Do what you need to do and use paper, but don’t put it in the hole. There are 2 ways to proceed from here. One is to burn the paper which I really don’t recommend. It’s a fire risk and still leaves a residue. It’s not the best way forward. The best thing is to take paper with you in a sealable bag. Dog poo bags are great as are Ziplocks. Either way, just pack it and take it away for disposal.

Fill in your hole and do your absolute best to make it look like you were never there.

Wash your hands with hand sanitiser but do not be tempted to use water sources such as lakes and streams. We don’t want to pollute the water. The other option is to use bottled water well away from natural water.

Wild camping toilet paper

If you must use toilet paper, then use a biodegradable one and bury it in the hole. This is not ideal and should be avoided.

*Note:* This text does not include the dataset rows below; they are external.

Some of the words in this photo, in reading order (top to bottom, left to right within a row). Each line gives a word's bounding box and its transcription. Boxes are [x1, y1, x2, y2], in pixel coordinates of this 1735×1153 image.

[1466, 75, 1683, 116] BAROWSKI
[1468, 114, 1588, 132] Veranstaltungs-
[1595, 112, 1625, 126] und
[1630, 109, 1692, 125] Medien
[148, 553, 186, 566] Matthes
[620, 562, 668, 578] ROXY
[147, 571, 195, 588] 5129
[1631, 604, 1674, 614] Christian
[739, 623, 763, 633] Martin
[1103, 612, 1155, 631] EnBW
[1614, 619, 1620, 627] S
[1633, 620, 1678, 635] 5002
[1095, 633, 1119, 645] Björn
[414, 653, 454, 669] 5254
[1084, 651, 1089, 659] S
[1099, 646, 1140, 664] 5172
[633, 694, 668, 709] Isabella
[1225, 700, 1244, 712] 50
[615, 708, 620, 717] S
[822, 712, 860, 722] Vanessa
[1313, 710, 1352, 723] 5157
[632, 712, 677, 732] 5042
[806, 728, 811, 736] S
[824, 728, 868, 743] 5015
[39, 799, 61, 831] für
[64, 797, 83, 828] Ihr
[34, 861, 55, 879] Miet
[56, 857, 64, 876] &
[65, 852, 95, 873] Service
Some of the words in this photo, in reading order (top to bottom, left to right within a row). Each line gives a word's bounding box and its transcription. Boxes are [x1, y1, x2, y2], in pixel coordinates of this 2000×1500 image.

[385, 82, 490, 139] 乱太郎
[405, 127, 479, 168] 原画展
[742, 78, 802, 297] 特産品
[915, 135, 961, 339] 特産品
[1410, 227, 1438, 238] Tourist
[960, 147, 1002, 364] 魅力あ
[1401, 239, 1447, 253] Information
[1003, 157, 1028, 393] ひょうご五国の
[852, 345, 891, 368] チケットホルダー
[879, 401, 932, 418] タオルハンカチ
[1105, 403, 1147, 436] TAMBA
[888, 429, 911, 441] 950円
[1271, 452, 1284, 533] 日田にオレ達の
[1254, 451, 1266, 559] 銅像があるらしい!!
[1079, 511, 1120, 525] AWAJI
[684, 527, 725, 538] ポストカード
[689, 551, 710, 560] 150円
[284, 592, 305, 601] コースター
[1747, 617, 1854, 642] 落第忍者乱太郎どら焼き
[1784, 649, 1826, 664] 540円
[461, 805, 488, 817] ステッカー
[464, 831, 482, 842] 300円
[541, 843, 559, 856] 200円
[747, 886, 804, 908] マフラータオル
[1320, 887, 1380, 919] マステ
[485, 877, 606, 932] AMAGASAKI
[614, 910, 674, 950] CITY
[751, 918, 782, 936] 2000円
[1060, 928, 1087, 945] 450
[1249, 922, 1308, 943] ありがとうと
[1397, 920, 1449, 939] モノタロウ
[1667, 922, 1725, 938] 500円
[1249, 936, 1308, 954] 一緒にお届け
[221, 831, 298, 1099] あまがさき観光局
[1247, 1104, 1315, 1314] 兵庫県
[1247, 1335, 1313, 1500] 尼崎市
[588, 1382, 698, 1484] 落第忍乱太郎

Avoid using leaves as natural toilet paper as there is a risk of ticks and the associated Lymes disease.

From a female perspective

Now I’m a guy, and I don’t have the deep insight of how this is different for a woman, so I have searched online and found an article that will do a better job than I can to help you if you are female.

Meet Becky the traveller.

Tools of the outdoor toileter

Toilet trowel

As well as plastic bags, hand sanitiser, and toilet paper, the other tool you’ll need for a poo in nature is a trowel. These come in various forms, some better than others.

They all need to do the same job, but only a decent one will if the ground is hard, rocky or has roots in it.

The Rolls Royce of toilet trowels is the Tentlab Deuce. This is a ridiculously expensive option that I nearly couldn’t bring myself to buy. However, it is so good and so light that I can recommend it. A more sensibly priced and well-respected toilet trowel is the Coghlan Backpackers trowel.

The pee bottle

A simple option for peeing is to use a bottle if you are a guy, and combining that with a shewee if you are a woman. I can’t vouch for the latter, but I am led to believe it is tricky to execute. This has the bonus of being able to use it inside your tent. You can use the tightly secured bottle as a hot water bottle in the winter if you are brave enough.

A wide mouthed and secure bottle such as a Nalgene is ideal.

The WAG bag

Another alternative for wild camping is the WAG (Waste Alleviation and Gelling) bag.

Toilet paper

If you are going to take your toilet paper home or to a bin, then it doesn’t matter what you use. But if you insist on burying the paper then please use a biodegradable one and never leave wet wipes, sanitary towels or tampons in a hole. These take forever to rot down and the latter tends to get dug up by animals.

Take a bag and take everything away is really the best thing to do with all waste.